Course Catalog > Foundations of Data Science
Foundations of Data Science
Dr. Josh Vandenbrink brings his interactive, skills-based, fun approach to this Praxis Foundations of Data Science course. Using R Studio, students will discover several data visualization and graphing techniques, learn how to explore and analyze data using various methods, mine Twitter for sentiment analysis, and gain practice using interactive shiny apps. At the end of this course, each student will be much better prepared for a life awash in data.

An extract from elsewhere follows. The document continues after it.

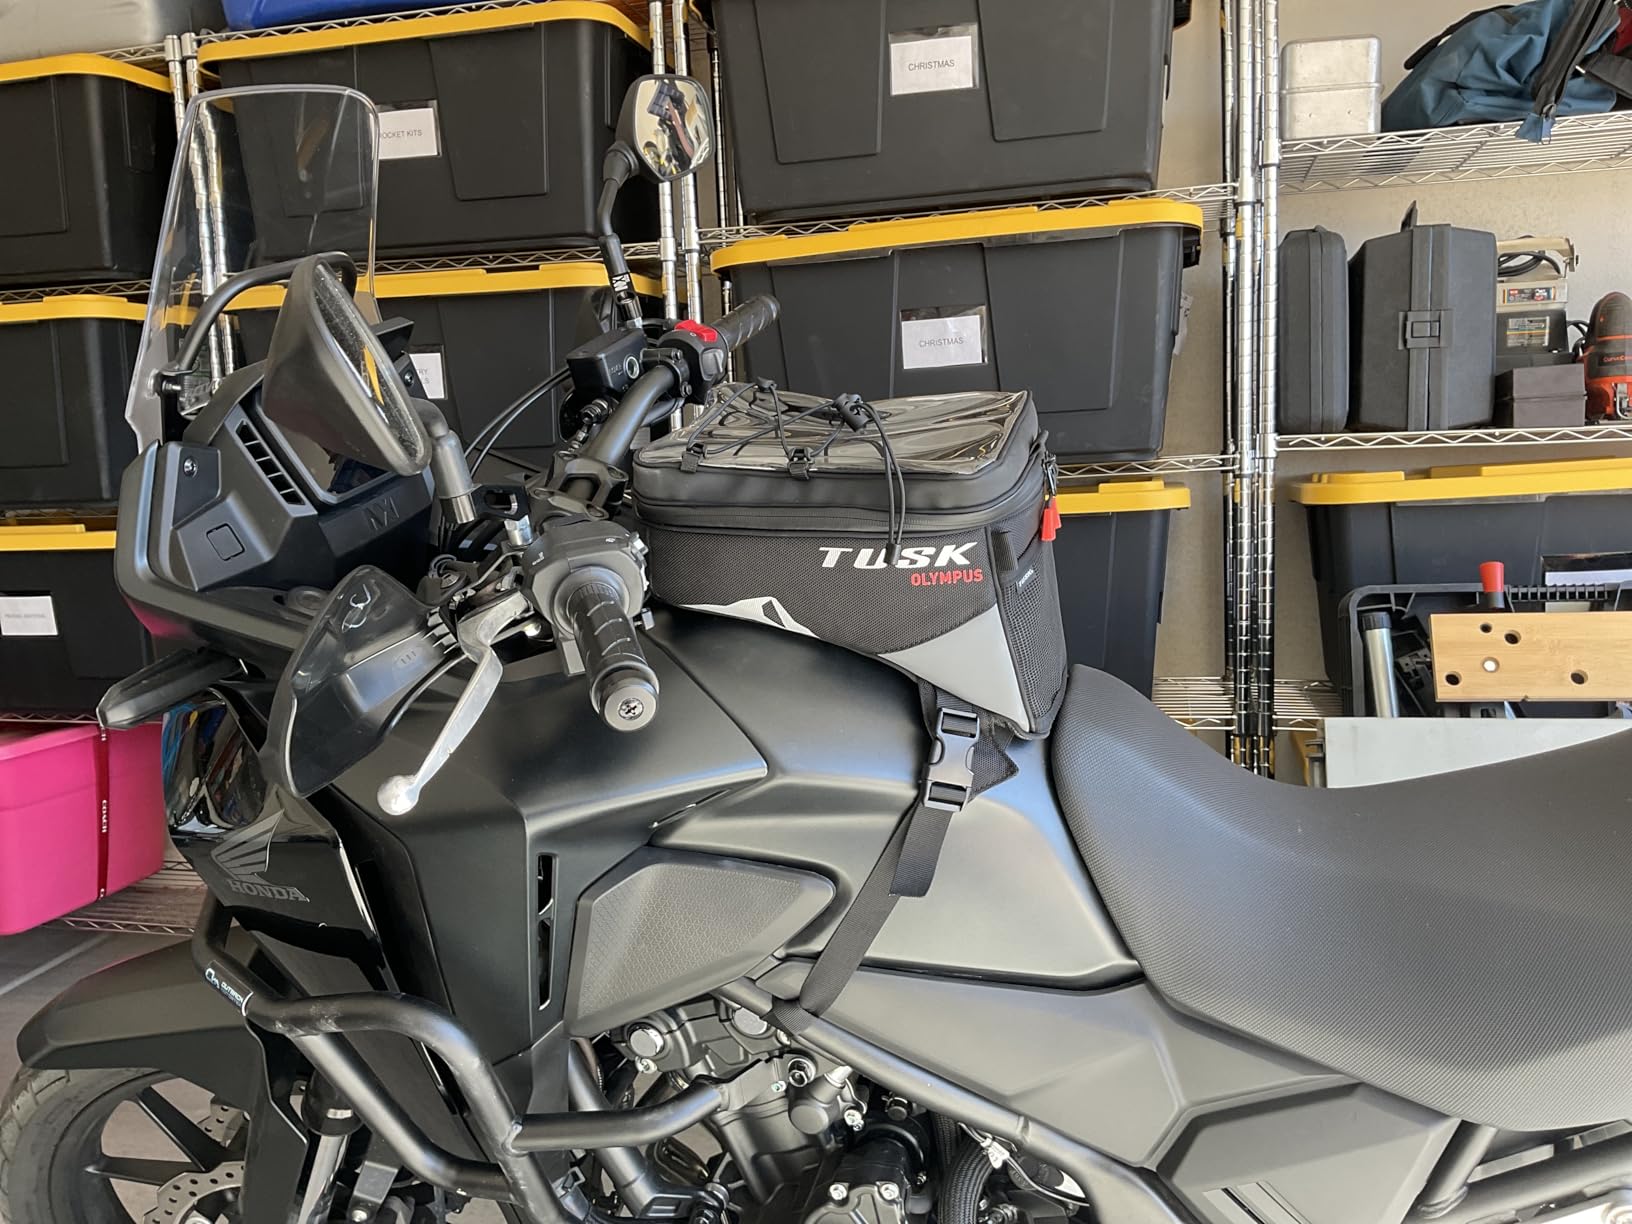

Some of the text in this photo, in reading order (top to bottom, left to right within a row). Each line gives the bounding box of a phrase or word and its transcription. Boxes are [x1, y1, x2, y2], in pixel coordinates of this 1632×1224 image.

Students will explore how R impacts data science and learn to create stunning visual representations of data. Using AI learning resources and labs, they we will learn to mine their own data from social media networks such as Twitter and Facebook, to perform sentiment analysis of public health topics. In addition, students will learn advanced techniques for reproducible research, which will allow them to create apps of the work they have conducted throughout the class. These apps will allow end-users to manipulate data and change how it is presented. Qualifies for the Foundations of Data Science digital badge.
The online program is available 24x7x365 via any web browser or mobile device and includes five (5) learning paths, 50+ video lectures, and over fifty (50) hours of learning material. Below is a list of the main topics:
- Data Visualization
- Exploratory Data Analysis
- Sentiment Analysis
- Final Project
This class endeavors to answer the question, “What good is science if you can’t convey results to the public?” During the pandemic, citizens were inundated with public health data related to the virus, including maps, public health statistics, articles, news reports, etc. The quality of the data presentation ranged from outstanding to down-right awful and confusing. This course starts with the creation of static graphs using the GGPlot and Plotly packages, which create fully customizable and professional looking charts. Students will also learn to “clean” their data through outlier detection and culling of missing data points.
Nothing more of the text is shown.